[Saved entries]

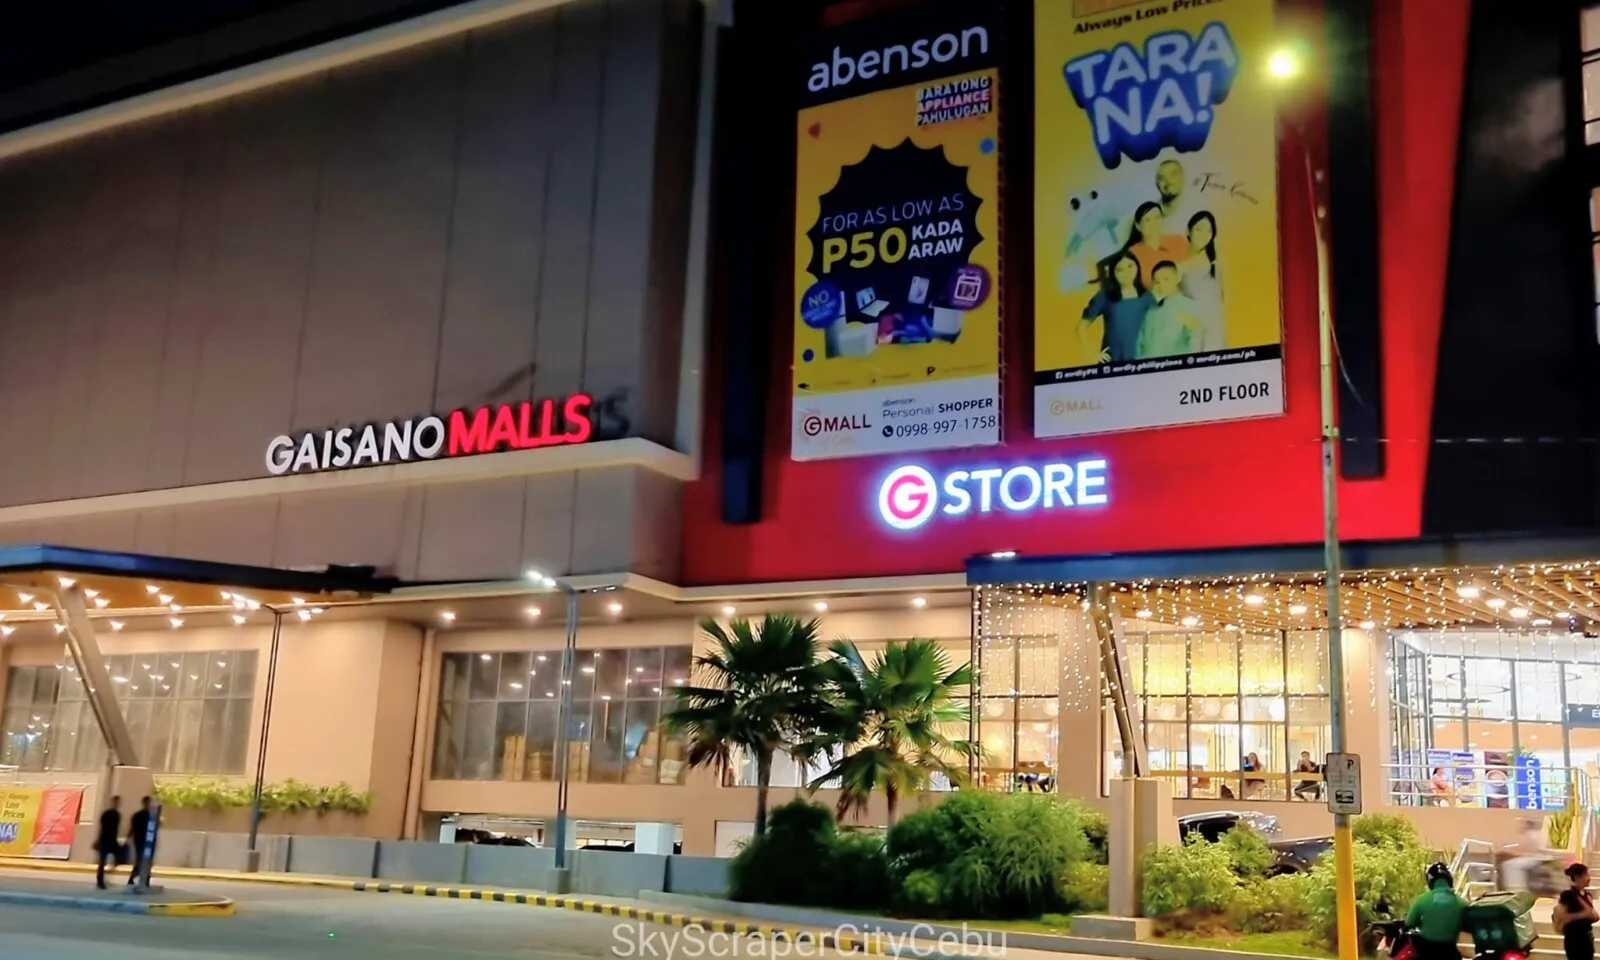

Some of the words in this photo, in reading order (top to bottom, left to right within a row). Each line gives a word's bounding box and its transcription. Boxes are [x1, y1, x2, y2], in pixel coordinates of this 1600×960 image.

[1073, 14, 1132, 34] Always
[1136, 5, 1168, 20] Low
[808, 26, 988, 92] abenson
[1066, 23, 1236, 99] TARA
[915, 103, 989, 127] PAHULUGAN
[917, 89, 989, 113] APPLIANCE
[1094, 72, 1212, 145] NA!
[822, 212, 858, 234] FOR
[863, 207, 887, 226] AS
[892, 199, 933, 222] LOW
[938, 193, 964, 212] AS
[822, 227, 907, 274] P50
[912, 218, 963, 240] KADA
[908, 237, 963, 260] ARAW
[808, 290, 829, 306] NO
[1179, 387, 1213, 405] 2ND
[1218, 382, 1270, 402] FLOOR
[882, 405, 935, 419] Personal
[938, 398, 993, 413] SHOPPER
[265, 415, 446, 476] GAISANO
[448, 392, 592, 457] MALLS
[896, 415, 996, 438] 0998-997-1758
[943, 459, 1108, 514] STORE

- _What you are asked to do_
Your answer must be an exact copy of the records above, with no pictures included.

- _Written solution_
Some of the words in this photo, in reading order (top to bottom, left to right within a row). Each line gives a word's bounding box and its transcription. Boxes are [x1, y1, x2, y2], in pixel coordinates of this 1600×960 image.

[1073, 14, 1132, 34] Always
[1136, 5, 1168, 20] Low
[808, 26, 988, 92] abenson
[1066, 23, 1236, 99] TARA
[915, 103, 989, 127] PAHULUGAN
[917, 89, 989, 113] APPLIANCE
[1094, 72, 1212, 145] NA!
[822, 212, 858, 234] FOR
[863, 207, 887, 226] AS
[892, 199, 933, 222] LOW
[938, 193, 964, 212] AS
[822, 227, 907, 274] P50
[912, 218, 963, 240] KADA
[908, 237, 963, 260] ARAW
[808, 290, 829, 306] NO
[1179, 387, 1213, 405] 2ND
[1218, 382, 1270, 402] FLOOR
[882, 405, 935, 419] Personal
[938, 398, 993, 413] SHOPPER
[265, 415, 446, 476] GAISANO
[448, 392, 592, 457] MALLS
[896, 415, 996, 438] 0998-997-1758
[943, 459, 1108, 514] STORE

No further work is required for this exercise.